60 M.J. 492 | C.A.A.F. | 2005

UNITED STATES, Appellee

v. Michael S. Farley, Sergeant U.S. Army, Appellant No. 03-0646 Crim. App. No. 20001079 United States Court of Appeals for the Armed Forces Argued November 9, 2004 Decided March 18, 2005

CRAWFORD, J., delivered the opinion of the Court, in which GIERKE, C.J., EFFRON, BAKER, and ERDMANN, JJ., joined. Counsel For Appellant: Captain Eric D. Noble (argued); Colonel Mark Cremin, Lieutenant Colonel Mark Tellitocci,and Captain Rob W. MacDonald (on brief); Colonel Robert D. Teetsel, Major Allyson G. Lambert, and Captain Gregory M. Kelch. For Appellee: Captain Mason S. Weiss (argued); Colonel Steven T. Salata and Lieutenant Colonel Theresa A. Gallagher (on brief). Military Judge: Robert F. Holland

THIS OPINION IS SUBJECT TO EDITORIAL CORRECTION BEFORE FINAL PUBLICATION. Judge CRAWFORD delivered the opinion of the Court. Pursuant to his pleas at trial by military judge, Appellant

was convicted of rape of a child under the age of twelve, sodomy with a child under the age of twelve, and indecent acts with a child under the age of sixteen in violation of Articles 120, 125, and 134, Uniform Code of Military Justice (UCMJ), 10 U.S.C. §§ 920, 925, and 934 (2000). Appellant was sentenced to a dishonorable discharge, twenty-three years of confinement, total forfeiture of pay and allowances, and reduction to the lowest enlisted grade. The convening authority waived the forfeitures and reduced the term of confinement to nineteen years. The United States Army Court of Criminal Appeals affirmed the findings and sentence. On July 7, 2004, we granted review of the following issue:

WHETHER THE MILITARY JUDGE ERRED IN FINDING THAT APPELLANT'S DECISION TO PLEAD GUILTY AT TRIAL WAIVED HIS FIFTH AND SIXTH AMENDMENT RIGHTS RETROACTIVELY WITH RESPECT TO INTERVIEWS CONDUCTED WHILE IN PRETRIAL CONFINEMENT AND LATER USED DURING THE SENTENCING PHASE OF HIS TRIAL. We need not decide whether there was error, because any

error was harmless. On May 14, 2000, Appellant’s wife and a friend brought Appellant’s eleven-year-old stepdaughter, HF, to the local hospital. Following procedure mandated by Texas statute, Child Protective Services (CPS) was notified of the allegation of child abuse. Ms. Martin, a Texas state social worker, began the CPS assessment of a possible threat to the family’s two children by interviewing HF. As part of her investigation requiring her to speak to all family members, Ms. Martin, together with coworker Sam Warren, interviewed Appellant in the Bell County, Texas, jail. Ms. Martin did not advise Appellant of his rights under Miranda v. Arizona [1] or Article 31, UCMJ, 10 U.S.C. § 831 (2000), before beginning the interview. Ms. Martin testified that, during the interview:

[Appellant] said something to the effect that he needed to touch -– he had just got [sic] out of the field. His relationship with his wife was bad and his daughter [HF] was there, so he did it. And he said that if his mother was there he would did it [sic] to her also . . . I am thinking he was referencing having sex.
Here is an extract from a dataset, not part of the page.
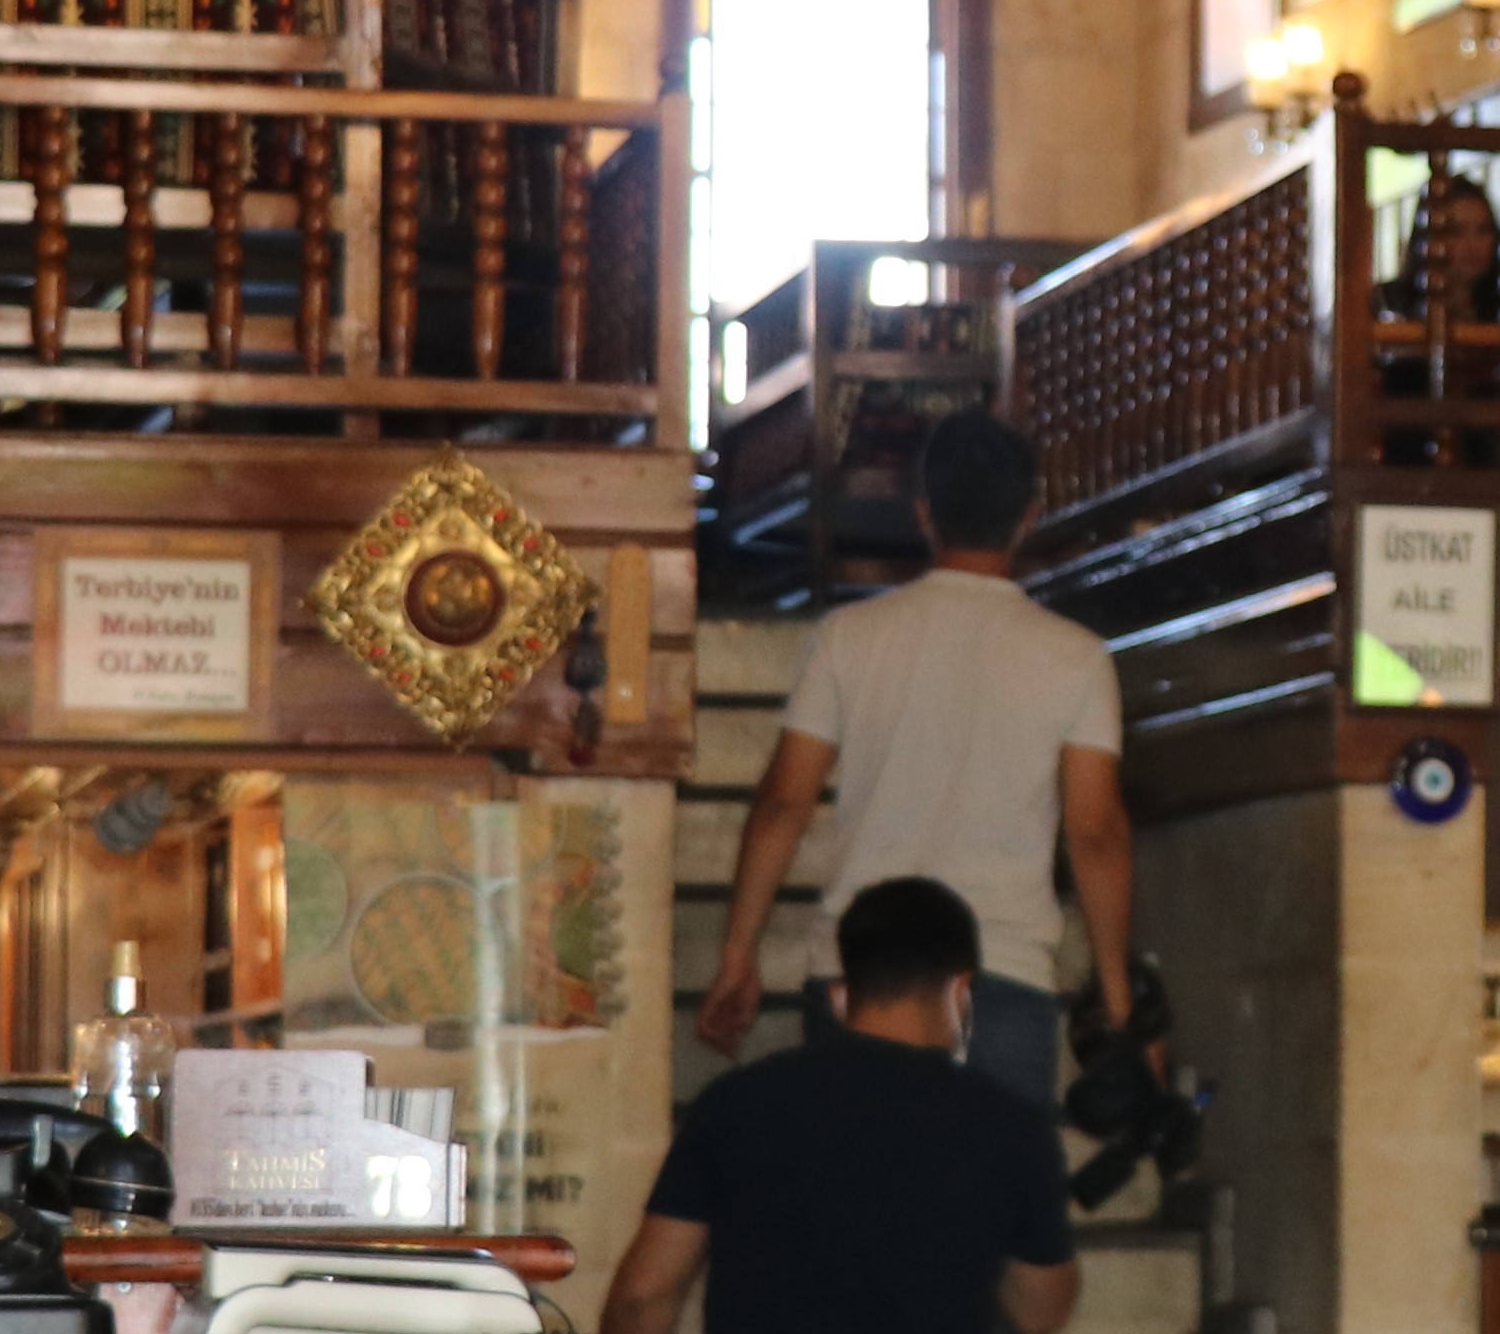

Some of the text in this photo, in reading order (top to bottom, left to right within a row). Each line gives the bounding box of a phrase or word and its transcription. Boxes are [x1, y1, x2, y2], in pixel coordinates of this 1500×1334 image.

[1384, 523, 1474, 563] ÜSTKAT
[74, 573, 239, 605] Terbiye'nin
[1392, 581, 1456, 612] AİLE
[100, 611, 216, 638] Mektebi
(emphasis added). Ms. Martin testified at Appellant’s July 13, 2000, pretrial investigation pursuant to Article 32, UCMJ, 10 U.S.C. § 832 (2000). Later, on August 23, 2000, pursuant to Military Rule of Evidence (M.R.E.) 304(d)(1), [2] the Government, in a pretrial disclosure statement, notified defense counsel that Appellant made the above statement. [3] Four days before trial, the Government notified defense counsel that Mr. Warren from CPS would be called to testify. The following day, the Government advised defense counsel that Ms. Martin would testify instead of Mr. Warren and that her testimony would cover the same statements by the accused that were to have been the subject of Mr. Warren’s proposed testimony. Defense counsel acknowledged having received this notice late in the day on Friday, August 22.
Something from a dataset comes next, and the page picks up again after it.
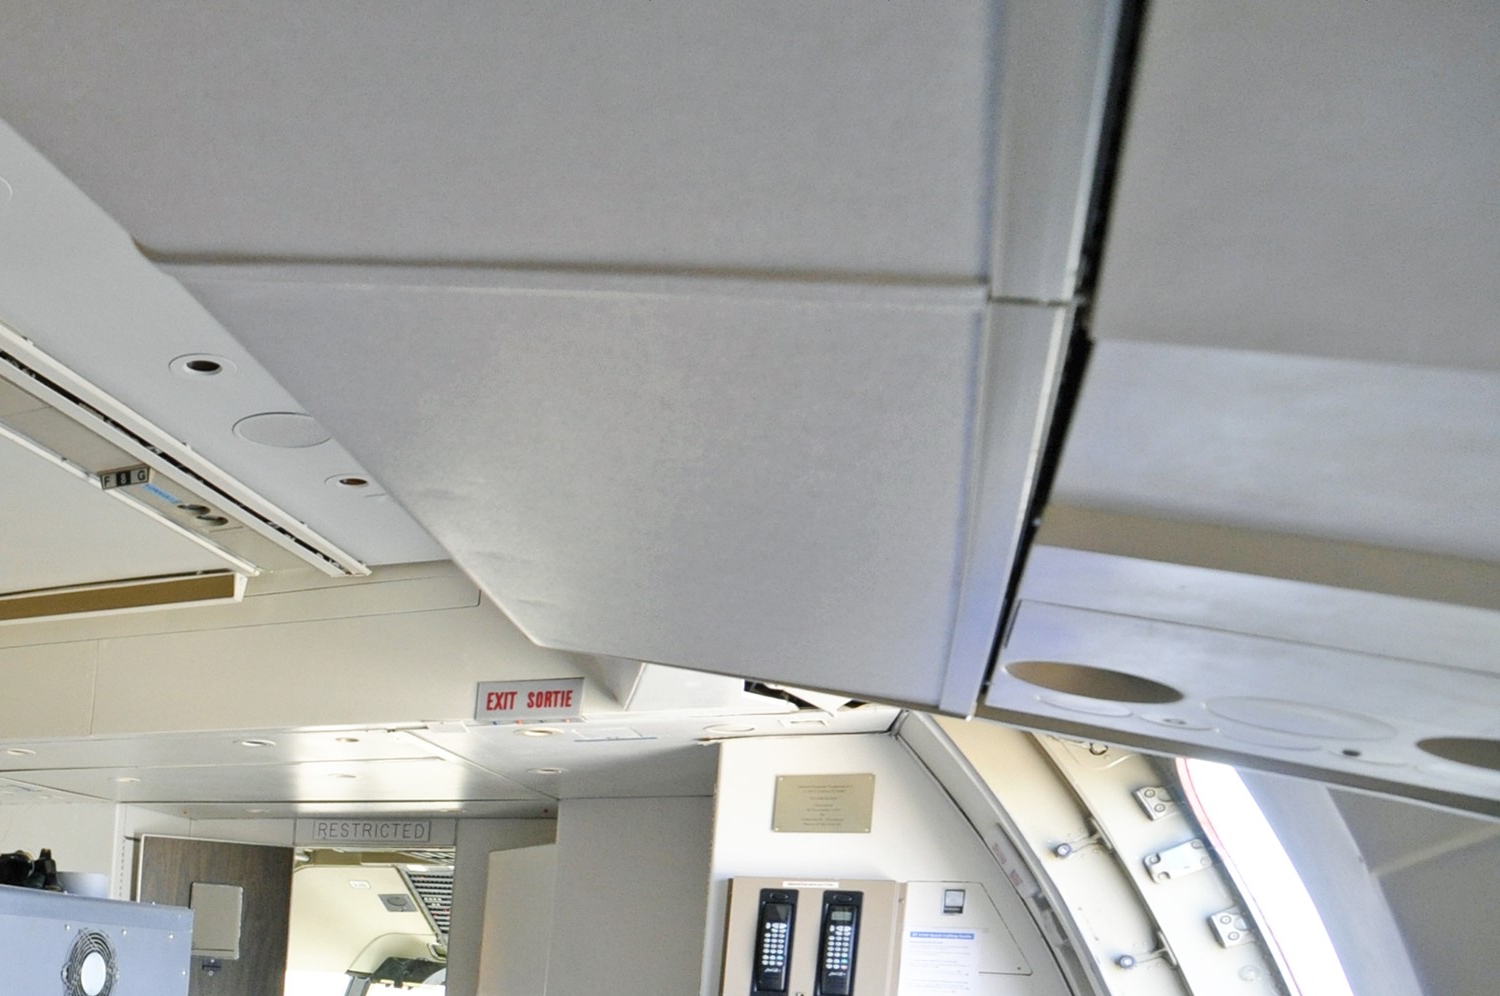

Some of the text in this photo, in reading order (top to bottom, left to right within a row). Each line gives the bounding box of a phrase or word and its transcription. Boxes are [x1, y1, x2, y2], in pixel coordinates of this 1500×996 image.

[103, 476, 111, 487] F
[137, 470, 146, 481] G
[486, 690, 574, 711] EXIT SORTIE
[317, 822, 425, 840] RESTRICTED
Before receiving Appellant’s pleas, the military judge advised him that “any motion to dismiss any charge or to grant other relief shall be made at this time.” Defense counsel responded that Appellant had an unlawful command influence (UCI) motion, and added that “depending on who the government calls as witnesses, we may have some brief motions to suppress statements made by the accused.” When asked if they were ready to proceed, both defense counsel responded affirmatively, “[o]ther than with regard to [a] possible request to have a slight delay to meet the alleged government sentencing witness[.]” The military judge then asked Appellant to enter his plea “[w]ithout prejudice to the defense to resolve this UCI motion later[.]” Defense counsel did not move at this time to suppress Appellant’s pretrial statements to Ms. Martin.

During the providence inquiry, the military judge informed Appellant that by pleading guilty he waived his right against self-incrimination (i.e., “the right to say nothing at all”); his right to a trial of the facts by a court-martial (i.e., “the right to have the court determine whether or not you are guilty based on the evidence presented by the prosecution and on any evidence that you may present”); and “the right to confront and cross-examine any or all of the witnesses against you.” Appellant persisted in pleading guilty and agreed to the waiver outlined above. Appellant’s guilty pleas were not conditional, and the pretrial agreement contained no terms limiting his right to submit motions or enter objections.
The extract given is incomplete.